Russian-American artist and photographer (born 1970)

Elena Herzog (born 1970) is a Russian-American visual artist and photographer.

==Early life==
Elena Pisetski was born in 1970 in Sverdlovsk, Russian SFSR (present-day Yekaterinburg, Russia). In 1987, Herzog moved to Leningrad (now St. Petersburg) to attend the Philological Faculty of Leningrad University, where she studied languages (English and Spanish) and literature. In 1990, she emigrated to the United States and graduated with a degree in philosophy from Mills College, specializing in the history and philosophy of science.

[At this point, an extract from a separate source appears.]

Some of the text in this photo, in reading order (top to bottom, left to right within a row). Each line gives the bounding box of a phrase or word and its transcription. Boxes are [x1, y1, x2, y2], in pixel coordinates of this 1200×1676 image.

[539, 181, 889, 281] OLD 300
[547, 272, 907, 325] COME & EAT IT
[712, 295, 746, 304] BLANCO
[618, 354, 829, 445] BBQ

Herzog was also a research consultant at Stanford University.

== Career ==
She started taking photographs in 1997 and studied photographic printing techniques with Italian printer Ivan Dalla Tana in Milan and later with French printer Marc Valesella. Herzog combines some of the very early photographic darkroom processes with contemporary ones and her own techniques to achieve her desired effects.

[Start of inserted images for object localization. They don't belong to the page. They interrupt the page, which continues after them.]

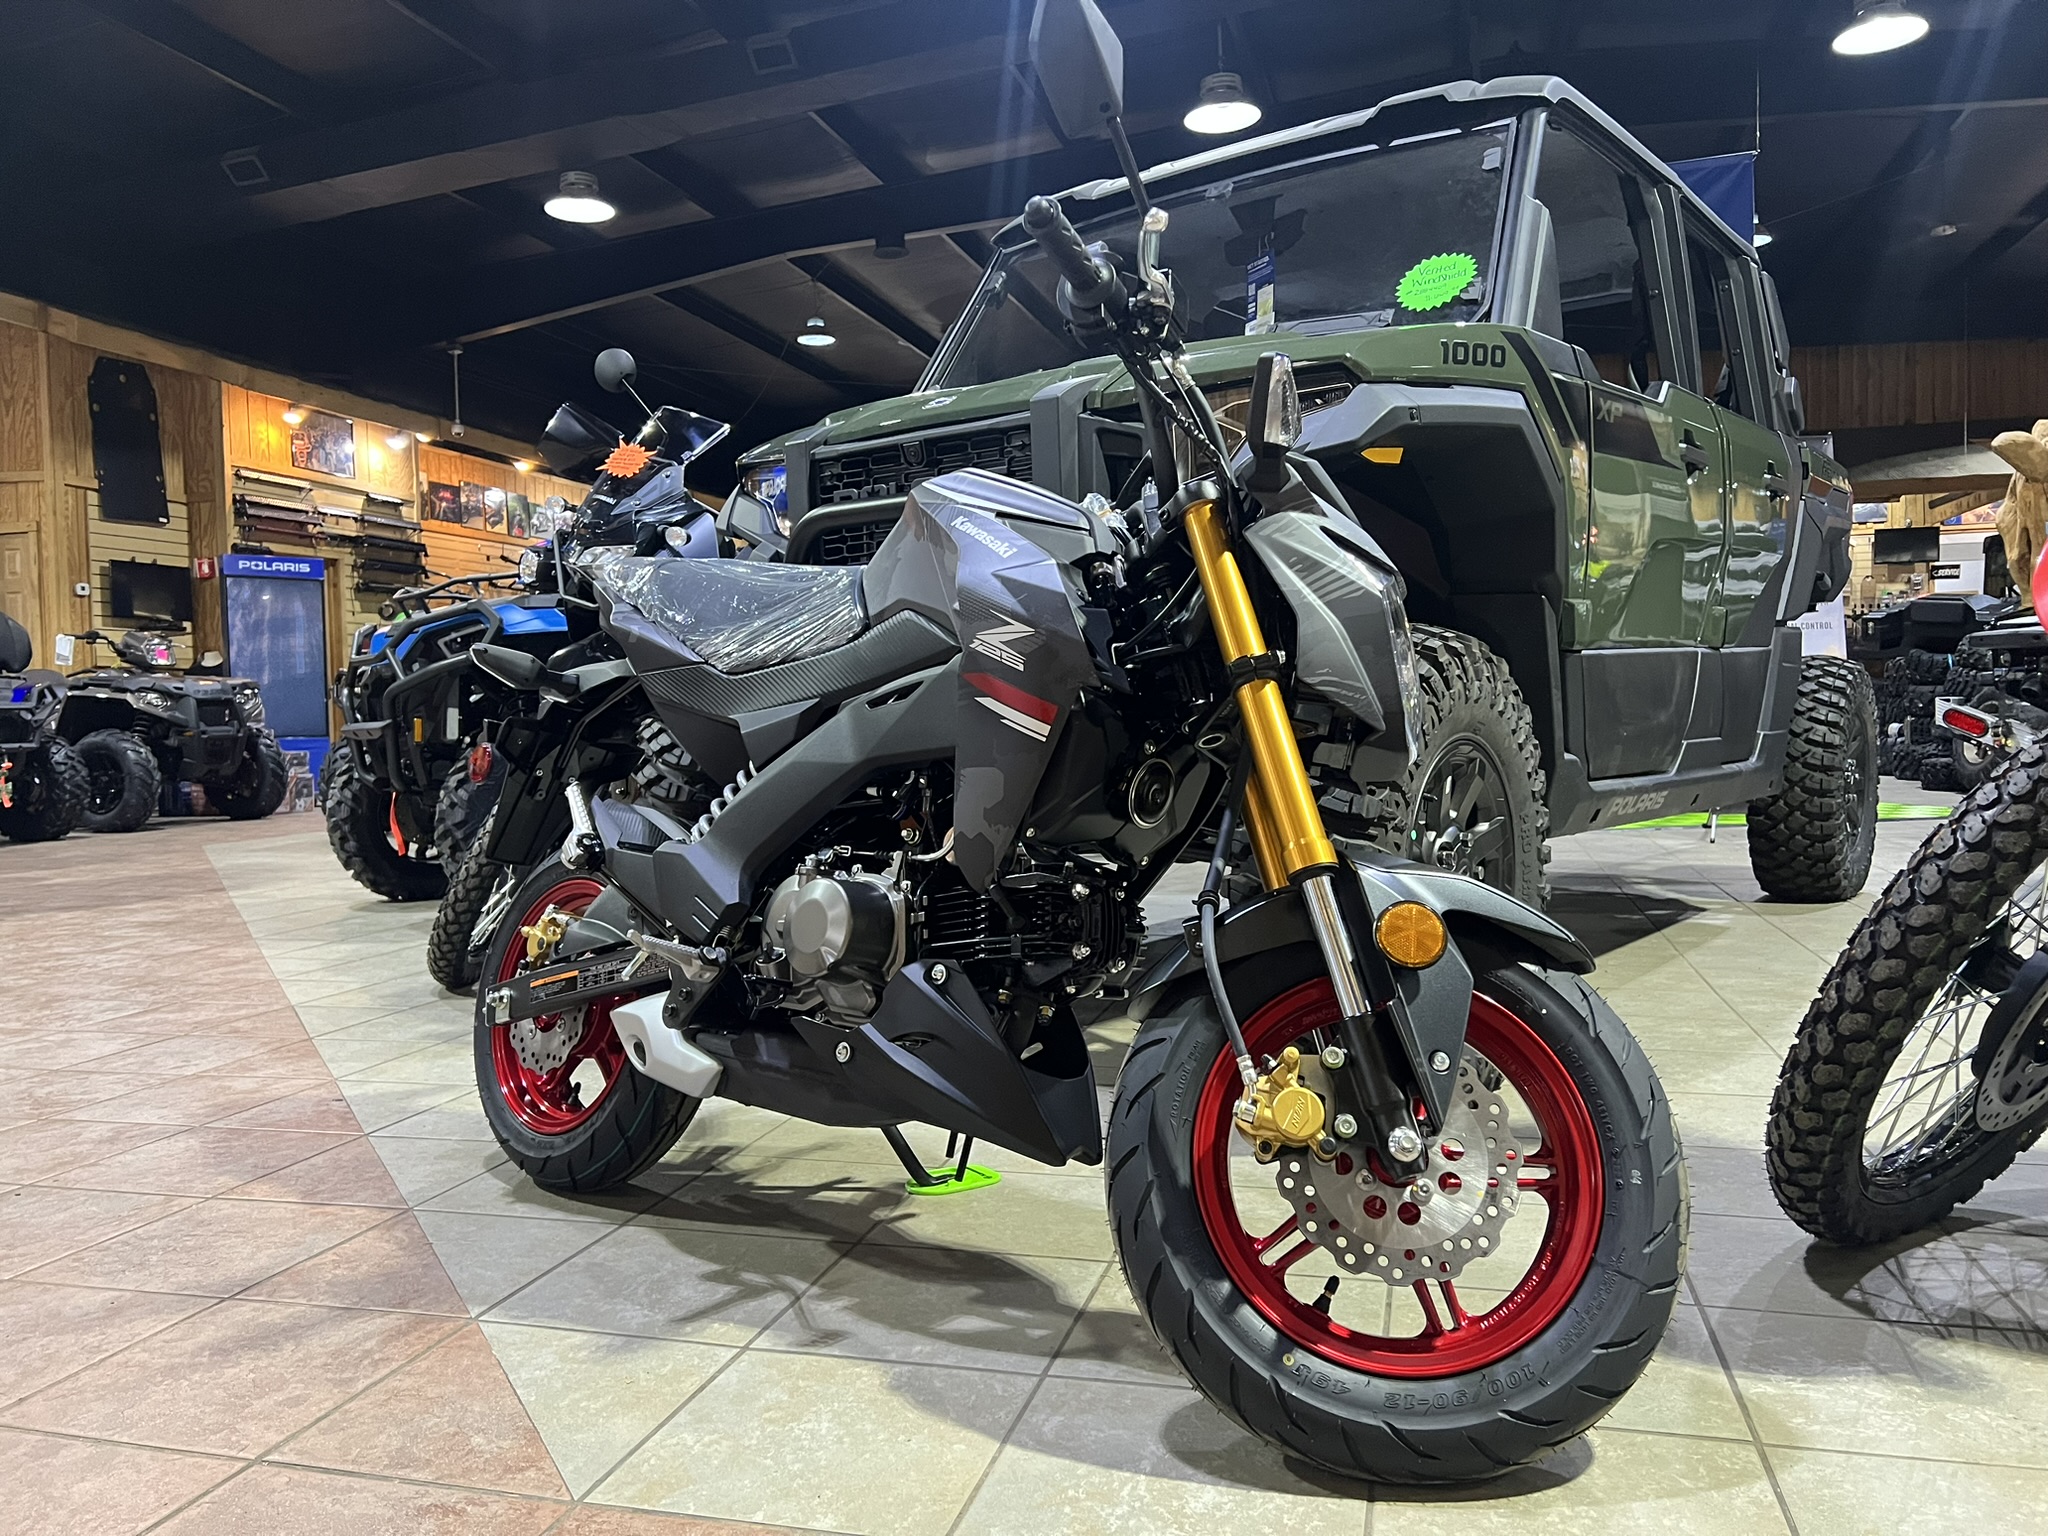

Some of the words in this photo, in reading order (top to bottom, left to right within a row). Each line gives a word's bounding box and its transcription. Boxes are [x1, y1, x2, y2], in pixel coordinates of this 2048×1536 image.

[1418, 261, 1457, 276] Vented
[1440, 339, 1506, 368] 1000
[1596, 397, 1623, 423] XP
[951, 515, 1018, 559] Kawasaki
[238, 560, 311, 573] POLARIS
[1937, 568, 1960, 577] SERVICE
[1800, 621, 1834, 630] CONTROL
[1606, 790, 1669, 817] POLARIS
[1565, 1045, 1583, 1068] DOT
[1291, 1363, 1352, 1395] 49J
[1384, 1363, 1536, 1410] 100/90-12

Herzog's work ranges from classical documentary to the experimental and conceptual and has been published and reviewed in The New Yorker, The New York Times, The Los Angeles Times, The Paris Review, Harper’s Magazine, El País, El Mundo The Believer, The British Journal of Photography, and Cabinet, among others. Her work has been exhibited at the Los Angeles County Museum of Art, Pasadena Museum of California Art, Yerba Buena Center for the Arts (San Francisco), the International Center of Photography (New York), and the British Museum, among others.

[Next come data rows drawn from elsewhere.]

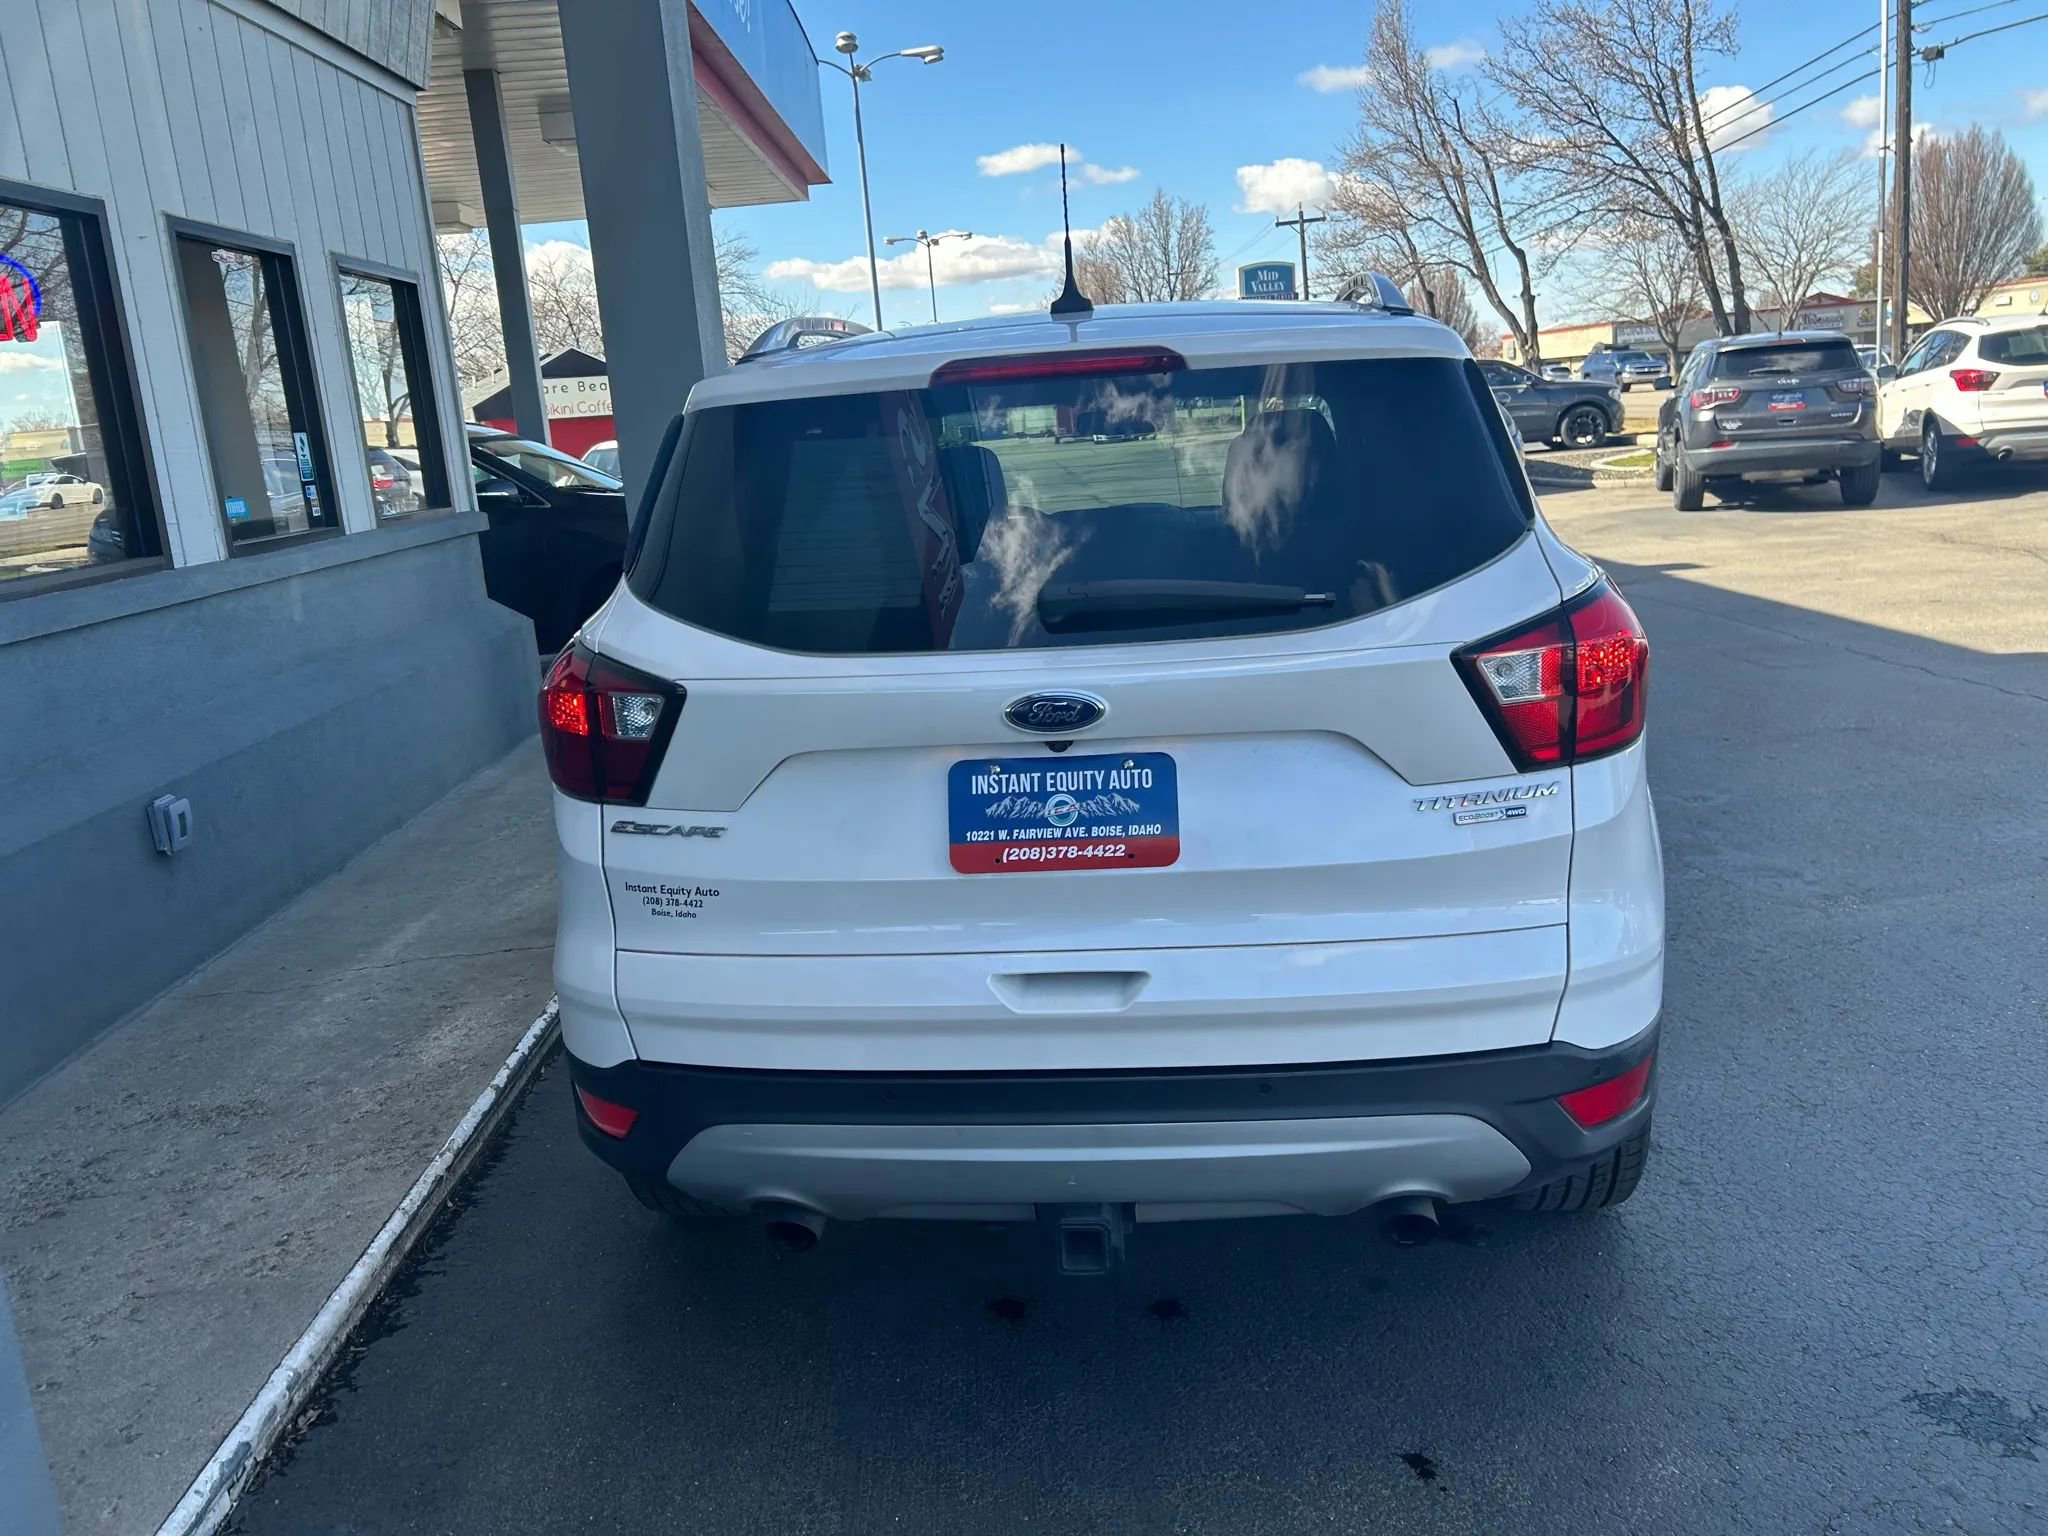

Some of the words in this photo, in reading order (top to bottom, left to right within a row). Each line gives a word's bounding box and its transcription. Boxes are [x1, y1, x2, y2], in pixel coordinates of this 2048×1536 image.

[1251, 281, 1286, 293] VALLEY
[1028, 701, 1081, 724] Ford
[971, 772, 1041, 795] INSTANT
[1046, 769, 1105, 792] EQUITY
[1109, 768, 1153, 790] AUTO
[1413, 780, 1561, 811] TITANIUM
[1506, 808, 1525, 816] 4WD
[610, 820, 729, 839] ESCAPE
[966, 830, 995, 842] 10221
[998, 829, 1010, 841] W.
[1012, 827, 1063, 840] FAIRVIEW
[1064, 826, 1089, 838] AVE.
[1091, 825, 1126, 838] BOISE,
[1128, 823, 1162, 836] IDAHO
[1002, 843, 1126, 864] (208)378-4422
[625, 882, 657, 894] Instant
[660, 884, 691, 898] Equity
[694, 886, 720, 897] Auto
[642, 896, 663, 908] (208)
[665, 897, 704, 908] 378-4422
[651, 908, 674, 918] Boise,
[675, 909, 697, 919] Idaho

Her book Strandbeest: the Dream Machines of Theo Jansen was published by TASCHEN in 2014. Herzog has authored six books / monographs of photography.

In 2016, Herzog's complex video/audio installation Last Whispers: Oratorio for Vanishing Voices, Collapsing Universes and a Falling Tree, in which she collaborated with composer and director Marco Capalbo and sound designer Mark Mangini, premiered at the British Museum in the Living and Dying Gallery adjacent to the Rosetta Stone. A film and surround-sound experience that incorporates archival recordings of endangered languages, Last Whispers began a world tour in 2019.

== Personal life ==
Herzog is an American citizen, naturalized in 1999. Since 1995, she has lived in California with her husband, German filmmaker Werner Herzog. They have collaborated on several projects including a book of stills from the film Bad Lieutenant: Port of Call New Orleans which was published by Rizzoli in 2009. Werner Herzog wrote the introduction to Lena's book Pilgrims, which was released in 2002.

==Bibliography==

===Books===
- Strandbeest. The Dream Machines of Theo Jansen ISBN 978-3-8365-4849-6 (2014)
- Lost Souls ISBN 978-0-9825908-0-5 (2010)
- Bad Lieutenant ISBN 978-0-7893-2013-1 (2009)
- Flamenco: Dance Class ISBN 1-902699-44-0
- Tauromaquia: The Art of Bullfighting ISBN 1-902699-23-8
- Pilgrims ISBN 1-902699-43-2 (2002)

===Exhibitions===
- Panoramas, Fahey / Klein Gallery, Los Angeles (2012)
- Lost Souls, International Center of Photography (2010)
- The Circle of Bliss, Los Angeles County Museum of Art (2003)
- Reflecting Buddha, Pasadena Museum of California Art (2003)
- Ensayo, (multimedia show) Yerba Buena Center of the Performing Arts, San Francisco (2003)
- Flamenco, Foyles Gallery, London (2003)
- Tauromaquia, Museum of Carruajes, Seville, Spain (2002)
- Below Zero, Focus Gallery, San Francisco (2000)
- Black and White Photographs from Andalucia and Shinxiang, Focus Gallery, San Francisco (1998)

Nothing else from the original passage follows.